START SUPPLIED ENTRIES

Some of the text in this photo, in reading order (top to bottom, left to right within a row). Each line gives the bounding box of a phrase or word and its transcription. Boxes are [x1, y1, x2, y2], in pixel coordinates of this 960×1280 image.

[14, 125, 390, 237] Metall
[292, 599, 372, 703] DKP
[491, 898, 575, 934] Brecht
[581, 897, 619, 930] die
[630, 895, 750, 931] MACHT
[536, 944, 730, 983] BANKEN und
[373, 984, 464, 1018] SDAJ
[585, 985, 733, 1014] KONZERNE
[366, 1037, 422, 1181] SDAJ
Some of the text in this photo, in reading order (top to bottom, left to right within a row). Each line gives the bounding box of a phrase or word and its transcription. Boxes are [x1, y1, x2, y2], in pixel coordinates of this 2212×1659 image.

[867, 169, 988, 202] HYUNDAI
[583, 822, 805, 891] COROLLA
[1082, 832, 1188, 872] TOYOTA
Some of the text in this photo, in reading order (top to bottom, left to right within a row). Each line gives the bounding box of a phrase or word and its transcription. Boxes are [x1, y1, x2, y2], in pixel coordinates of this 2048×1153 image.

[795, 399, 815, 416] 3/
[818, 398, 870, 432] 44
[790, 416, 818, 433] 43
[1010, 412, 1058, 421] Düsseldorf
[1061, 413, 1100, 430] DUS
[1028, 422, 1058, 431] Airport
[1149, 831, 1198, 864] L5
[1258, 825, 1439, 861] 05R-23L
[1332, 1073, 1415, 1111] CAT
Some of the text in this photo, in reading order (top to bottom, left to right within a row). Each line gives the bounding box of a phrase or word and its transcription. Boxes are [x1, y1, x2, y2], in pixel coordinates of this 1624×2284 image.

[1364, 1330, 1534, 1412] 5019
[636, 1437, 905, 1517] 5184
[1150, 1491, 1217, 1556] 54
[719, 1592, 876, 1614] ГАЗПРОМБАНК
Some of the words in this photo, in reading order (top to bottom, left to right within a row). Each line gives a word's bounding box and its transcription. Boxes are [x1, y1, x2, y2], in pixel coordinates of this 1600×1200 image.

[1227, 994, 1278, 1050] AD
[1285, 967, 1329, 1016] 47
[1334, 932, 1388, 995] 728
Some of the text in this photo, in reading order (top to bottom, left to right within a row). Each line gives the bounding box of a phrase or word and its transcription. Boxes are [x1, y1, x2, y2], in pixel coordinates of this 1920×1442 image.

END SUPPLIED ENTRIES

Your answer must be the lines from the one with "this 2212×1659 image." through the last line of the data, repeated exactly and with nothing else.

- [SOLUTION FOR THIS TASK]
Some of the text in this photo, in reading order (top to bottom, left to right within a row). Each line gives the bounding box of a phrase or word and its transcription. Boxes are [x1, y1, x2, y2], in pixel coordinates of this 2212×1659 image.

[867, 169, 988, 202] HYUNDAI
[583, 822, 805, 891] COROLLA
[1082, 832, 1188, 872] TOYOTA
Some of the text in this photo, in reading order (top to bottom, left to right within a row). Each line gives the bounding box of a phrase or word and its transcription. Boxes are [x1, y1, x2, y2], in pixel coordinates of this 2048×1153 image.

[795, 399, 815, 416] 3/
[818, 398, 870, 432] 44
[790, 416, 818, 433] 43
[1010, 412, 1058, 421] Düsseldorf
[1061, 413, 1100, 430] DUS
[1028, 422, 1058, 431] Airport
[1149, 831, 1198, 864] L5
[1258, 825, 1439, 861] 05R-23L
[1332, 1073, 1415, 1111] CAT
Some of the text in this photo, in reading order (top to bottom, left to right within a row). Each line gives the bounding box of a phrase or word and its transcription. Boxes are [x1, y1, x2, y2], in pixel coordinates of this 1624×2284 image.

[1364, 1330, 1534, 1412] 5019
[636, 1437, 905, 1517] 5184
[1150, 1491, 1217, 1556] 54
[719, 1592, 876, 1614] ГАЗПРОМБАНК
Some of the words in this photo, in reading order (top to bottom, left to right within a row). Each line gives a word's bounding box and its transcription. Boxes are [x1, y1, x2, y2], in pixel coordinates of this 1600×1200 image.

[1227, 994, 1278, 1050] AD
[1285, 967, 1329, 1016] 47
[1334, 932, 1388, 995] 728
Some of the text in this photo, in reading order (top to bottom, left to right within a row). Each line gives the bounding box of a phrase or word and its transcription. Boxes are [x1, y1, x2, y2], in pixel coordinates of this 1920×1442 image.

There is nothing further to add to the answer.